The employee will then have to keep a daily logbook to keep track of his private kilometres travelled versus kilometres travelled for work. At the end of every tax year, the employee will then be able to claim this back when doing his tax return. SARS, however, allows the employer two options to claim:
Option 1: The employee claims for the exact amount of money spent on fuel, insurance, repairs, and so forth. Every till slip or invoice should be kept on file and ready in case SARS decides to do an audit. Your car’s payment contract should also accompany these documents to show loss of value.

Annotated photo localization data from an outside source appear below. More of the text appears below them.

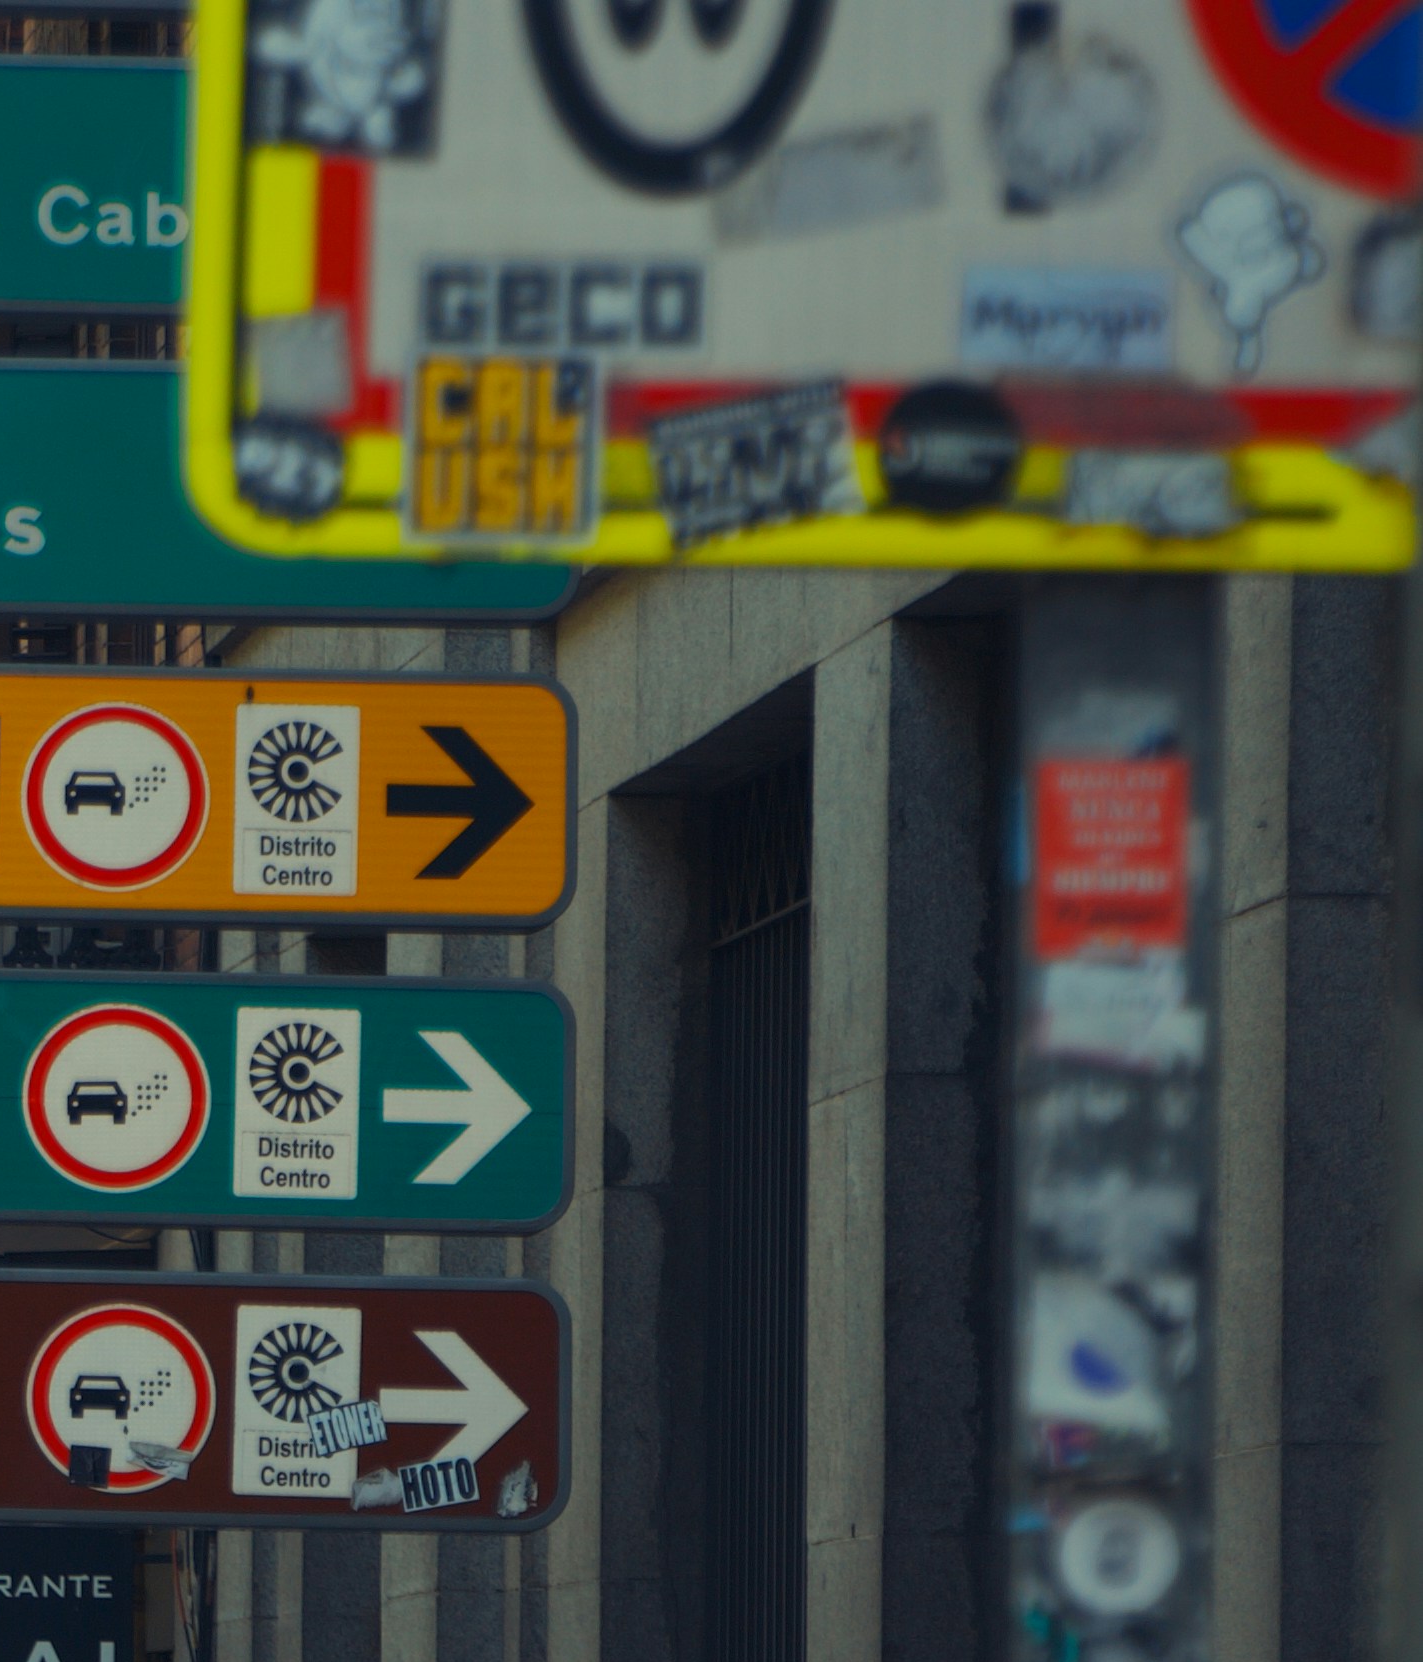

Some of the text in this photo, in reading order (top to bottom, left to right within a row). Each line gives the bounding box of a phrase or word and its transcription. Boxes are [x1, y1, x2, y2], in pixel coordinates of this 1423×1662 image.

[259, 834, 337, 858] Distrito
[261, 864, 333, 887] Centro
[258, 1136, 335, 1160] Distrito
[259, 1166, 331, 1190] Centro
[258, 1435, 333, 1459] Distri
[260, 1466, 331, 1489] Centro
[400, 1458, 477, 1510] HOTO

Option 2: The second way to claim would still involve the employee having the complete logbook and papers as in option 1, but he can use the formula that SARS supplies – this way he doesn’t need to keep every single receipt for every rand spent. Most tax-savvy individuals would say that it’s better to use this formula in 95 percent of all cases.
It’s calculated by dividing the value/purchase price of the car in multiples of R 85 000 (this changes almost every year). So let’s say the employee’s car cost R 100 000 – the fixed cost would be R 50 924, fuel R 1.018 per km and the maintenance R 0.412 per km. For example, The employee drove 34 525 km per year, of which 22 654 km were for business. The formula would look like this:
R 50 924 divided by 34 525 km = R 1.474 per km. Then add fuel (1.018) and maintenance (R 0.412) to that = R 2.904. Now multiply with the amount of work-related kilometres driven (R 2.904 x 22 645 = R 65 787). Thus, the employee will be getting back R 65 787 from his entire car allowance (R 6000 x 12 = R 72 000).
The second type of car allowance is a remunerative one, where the employee is paid a certain amount of money per kilometre travelled – R 3.05, for example (Code 3702 on IRP5-form). In this case, no tax is deducted by the employer, as the employee will then use one of the two abovementioned methods to claim back these funds. In many cases, this can cause a problem for the employee who drives a low-budget car, for which he can only claim R 2.904 per km from SARS, while his employer is paying him R 3.05 per km. In that case, he will owe SARS the difference.
Where an employee takes trips for work only once in a while (less than 12 000 km per year), he’s not allowed to claim tax back. This is tax-free (code 3703 on the IRP5) and no claims need to be made.
I’m thinking about buying a car for my business. For which vehicle(s) can I claim input tax?
SARS is very specific about which vehicles you can claim input tax on. It’s all about the nature of the vehicle. Even if you use your car in your business, there are a few that are not acceptable, and you may be penalised for having the audacity to claim. These are: Double-cab bakkies, normal sedans, station wagons, SUVs and minibuses. The ones you can claim input tax on (even if you’re just renting) are delivery bikes, goods transportation trucks, single-cab light and heavy delivery vehicles, vehicles with a mass of 3500 kg or more (unladen), buses that transport staff (over 3500 kg, unladen), or other specific purpose vehicles such as combine harvesters, tractors, ambulances and so forth, as well as game viewing vehicles and hearses.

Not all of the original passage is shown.